**What is needed:** Where the records contain images, omit them, and repeat everything else word for word.
========================================================================
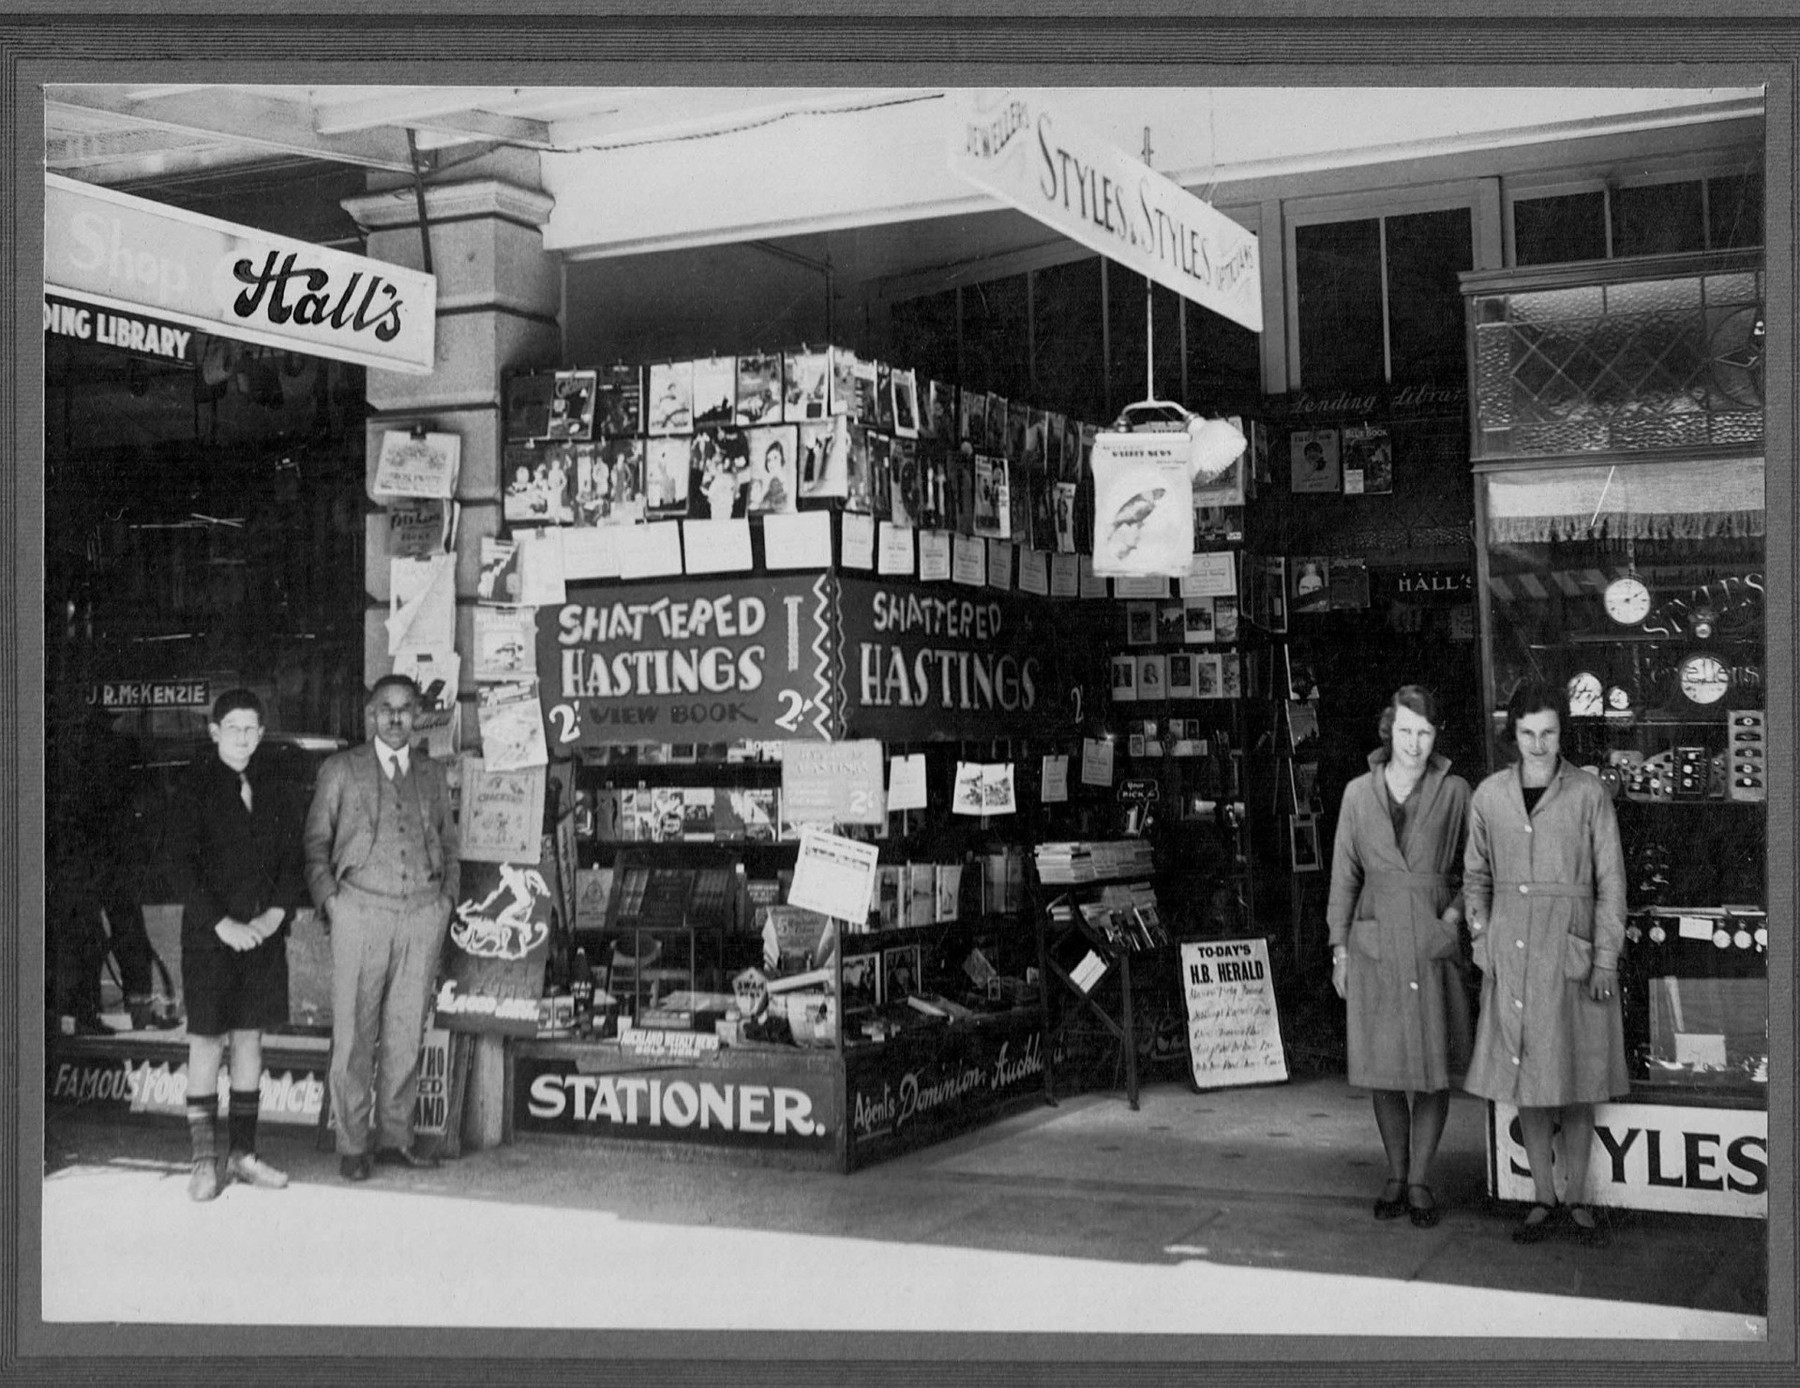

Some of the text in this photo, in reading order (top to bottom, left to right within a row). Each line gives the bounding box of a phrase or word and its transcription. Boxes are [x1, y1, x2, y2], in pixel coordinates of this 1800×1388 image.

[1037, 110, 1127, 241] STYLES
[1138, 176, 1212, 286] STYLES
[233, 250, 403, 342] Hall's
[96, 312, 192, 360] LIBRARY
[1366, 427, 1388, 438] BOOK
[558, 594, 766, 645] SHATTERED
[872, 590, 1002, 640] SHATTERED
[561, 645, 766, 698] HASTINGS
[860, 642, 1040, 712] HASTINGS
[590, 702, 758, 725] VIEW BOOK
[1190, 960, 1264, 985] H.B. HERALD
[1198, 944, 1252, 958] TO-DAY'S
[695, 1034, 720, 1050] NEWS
========================================================================
**Expected output:**
Some of the text in this photo, in reading order (top to bottom, left to right within a row). Each line gives the bounding box of a phrase or word and its transcription. Boxes are [x1, y1, x2, y2], in pixel coordinates of this 1800×1388 image.

[1037, 110, 1127, 241] STYLES
[1138, 176, 1212, 286] STYLES
[233, 250, 403, 342] Hall's
[96, 312, 192, 360] LIBRARY
[1366, 427, 1388, 438] BOOK
[558, 594, 766, 645] SHATTERED
[872, 590, 1002, 640] SHATTERED
[561, 645, 766, 698] HASTINGS
[860, 642, 1040, 712] HASTINGS
[590, 702, 758, 725] VIEW BOOK
[1190, 960, 1264, 985] H.B. HERALD
[1198, 944, 1252, 958] TO-DAY'S
[695, 1034, 720, 1050] NEWS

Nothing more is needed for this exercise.